I knew I was doing something wrong. I had been working on other functions
in the code for way too long, and let this one get to me. :)

Here is what I ended up with, and it works as expected.
That is, crashes with illegal address access?
..
static int get_command_args(char *msg, char *args[])
{
char *p;
int i = 0;

p = args[i];
while(*msg && !(*msg == END_CHAR)) {
if(*msg == ARG_CHAR) {
What if the first character in your 'msg' is an ARG_CHAR?
*p = '\0';
So you are writing into an unknown address (p = args[i] which hasn't
been set up yet if the first character in 'msg' is ARG_CHAR);
i++;
if(!(args[i] = malloc(sizeof(args[i])))) {
You are allocating a 4 byte (probably) string? Type of args[i] is
char*, size of that is 4 bytes on 32-bit machines. At this point you
don't know how many characters are in each argument.
PERROR(malloc);
return -1;
}
p = args[i];
*msg++;
} else {
*p++ = *msg++;
}
}
*p = '\0';
return i++;
}

And how about if there are multiple ARG_CHARs in a row, do you want them
taken as separate arguments or should they be ignored (like whitespace
in command lines)?

What if there are more arguments than you expect?

Chris C

Nov 14 '05 #5

Chris Torek

In article
<news:c7******************************@localhost.t alkaboutprogramming.com>
Verrigan <ve******@direcway.com> wrote:

I knew I was doing something wrong.
You still are, although -- in the fashion of undefined behavior --
it appears to be working at the moment anyway (hence probably just
waiting for some "important" moment to crash :-) ).
static int get_command_args(char *msg, char *args[])
{
char *p;
int i = 0;

p = args[i];
What is the value of i? (Answer: 0. We just set it to 0 right
here.) What is the value of args[i], i.e., args[0]? (Answer
depends on caller, obviously, who supplied args. Presumably the
value of "args" is valid, but args[0] had better hold some actual
value as well, because we just copied to to "p".)

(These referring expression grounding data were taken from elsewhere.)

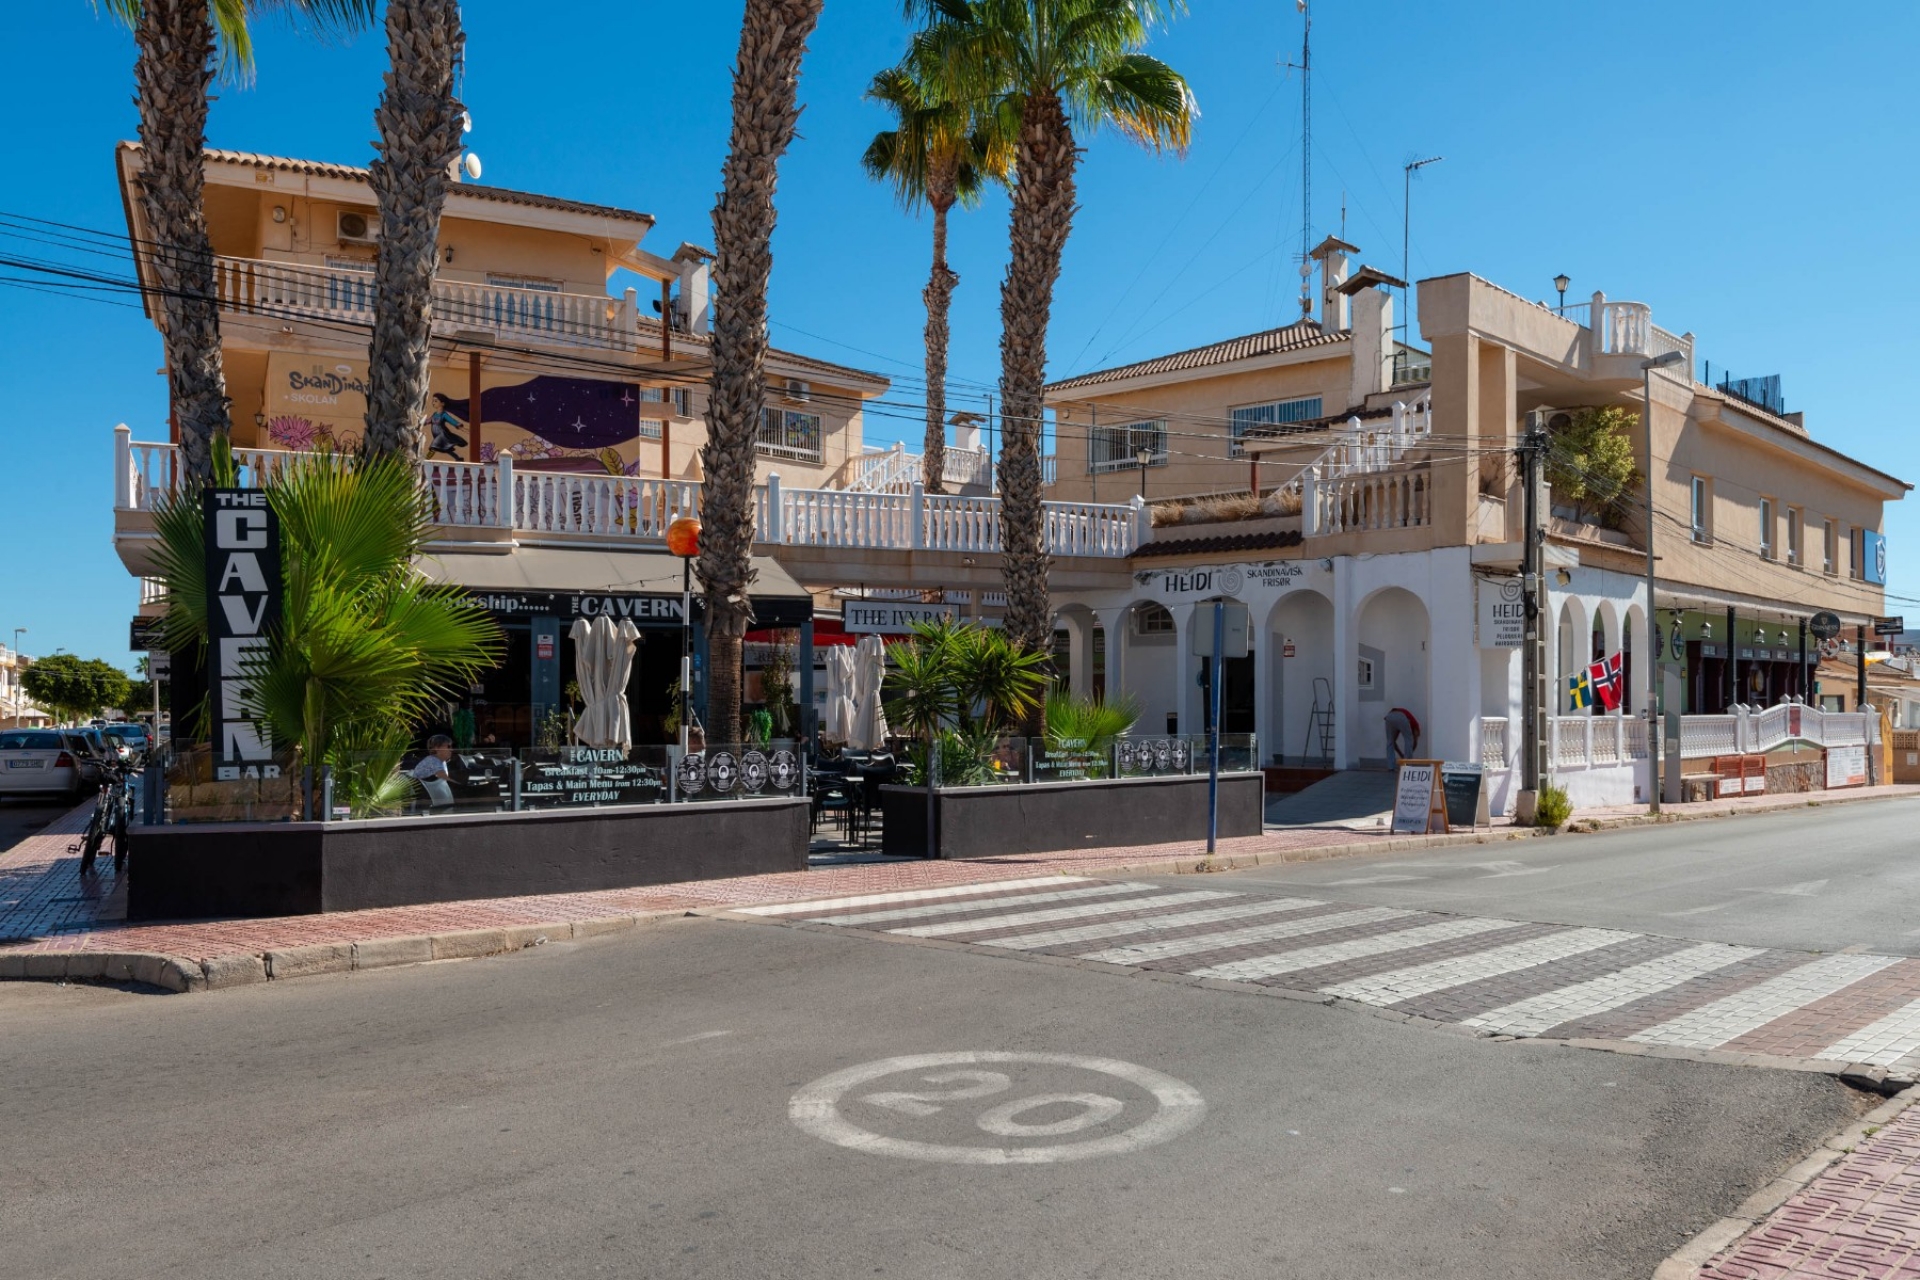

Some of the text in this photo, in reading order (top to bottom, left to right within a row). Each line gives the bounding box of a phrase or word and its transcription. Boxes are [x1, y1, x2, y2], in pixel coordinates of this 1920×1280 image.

[291, 393, 337, 405] SKOLAN
[215, 493, 267, 507] THE
[1165, 571, 1212, 592] HEIDI
[571, 596, 685, 617] THE CAVERN
[1493, 604, 1524, 618] HEID
[851, 608, 887, 626] THE
[893, 609, 918, 627] IVY
[216, 509, 273, 762] CAVERN
[577, 749, 624, 763] CAVERN
[217, 765, 281, 781] BAR
[545, 767, 588, 776] Breakfast
[1403, 770, 1432, 782] HEIDI
[526, 781, 553, 792] Tapas
[556, 781, 563, 790] &
[566, 780, 587, 789] Main
[589, 779, 613, 789] Menu
[573, 790, 620, 802] EVERYDAY
[862, 1069, 1124, 1136] 20
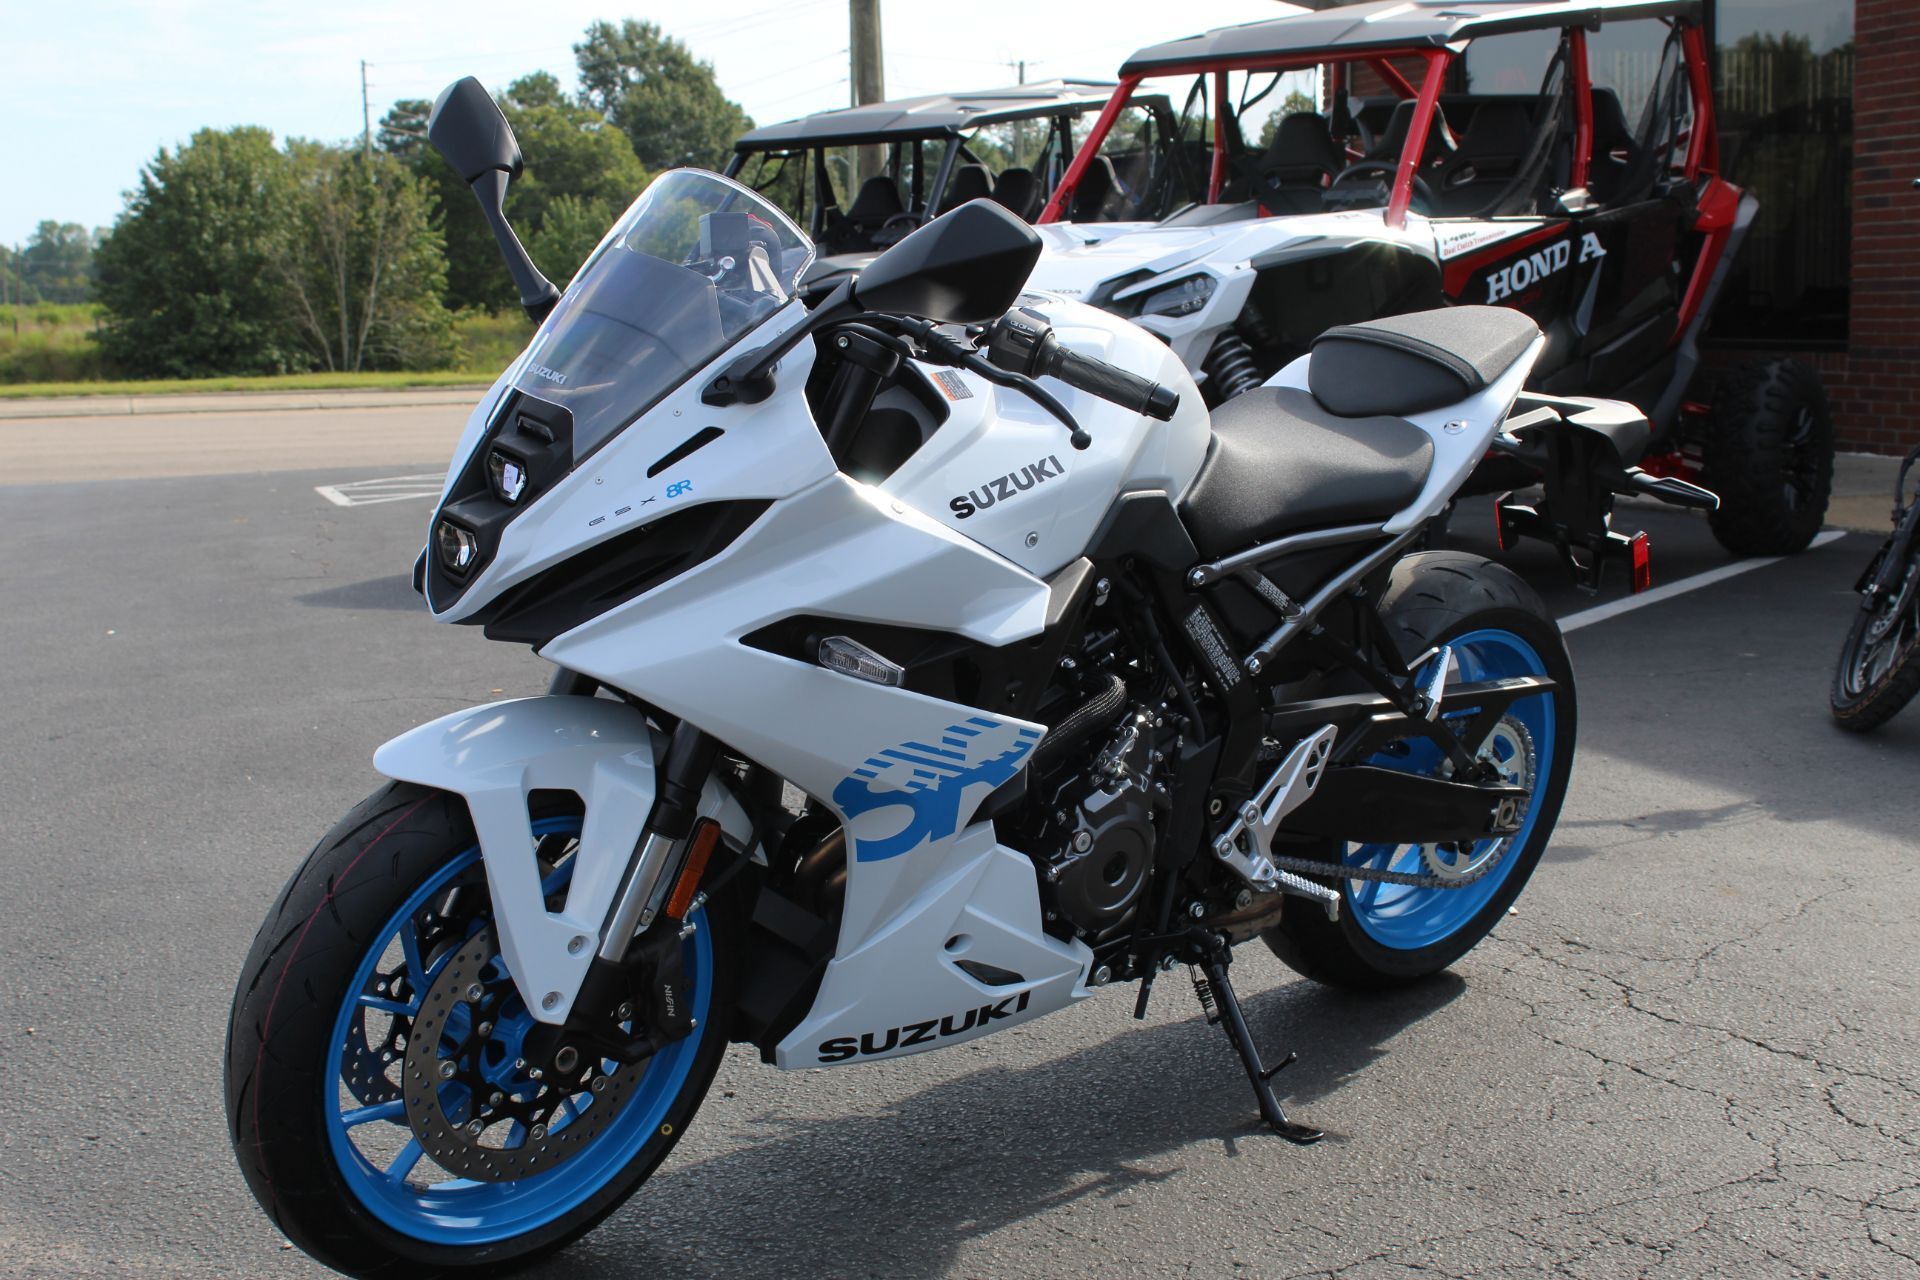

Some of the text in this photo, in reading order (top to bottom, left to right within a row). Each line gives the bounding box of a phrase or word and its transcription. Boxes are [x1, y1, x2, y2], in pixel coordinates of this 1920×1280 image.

[528, 363, 568, 385] SUZUKI
[949, 454, 1065, 519] SUZUKI
[818, 990, 1031, 1063] SUZUKI

Let us take a look at the caller for a moment so we can figure out
what the value of args[0] is.
static int parse_command(int sock, char *msg)
{
char *args[BUFFER_LEN];

So, in parse_command(), args has type "array (size BUFFER_LEN) of
pointer to char". If BUFFER_LEN is (say) 1000, that makes it
"array 1000 of pointer to char" -- 1000 elements, each of type
"pointer to char", and each one uninitialized.

Since "args" is an ordinary automatic variable, it is uninitialized
and thus full of garbage. args[0] is garbage, args[1] is garbage,
args[2] is garbage, and so on up through args[999] (still assuming
BUFFER_LEN is 1000).
if(get_command_args(msg, args) == -1)
return -1;
This passes the array "args" by value to the function get_command_args()
-- the place where we are trying to figure out what its args[0]
is. By The Rule about arrays and pointers in C (see
<http://web.torek.net/torek/c/pa.html>), the "value" of the array
is a pointer to its first element. Ultimately, args[i] in
get_command_args winds up meaning the same thing as args[i] here
in parse_command().

Thus, we can finally answer the question: "What is the value of
args[i], i.e., args[0], that we are going to copy into p in
get_command_args()?" The answer is: garbage. args[0] has never
been set to anything. We copy the trash value, whatever it is,
into "p". If we are really lucky, just copying the trash causes
an immediate error, so that we find the bug before anything else
goes wrong. Given what you have said elsewhere, we appear to be
unlucky: not only does copying trash into p not stop the program
immediately, but get_command_args() even runs to completion.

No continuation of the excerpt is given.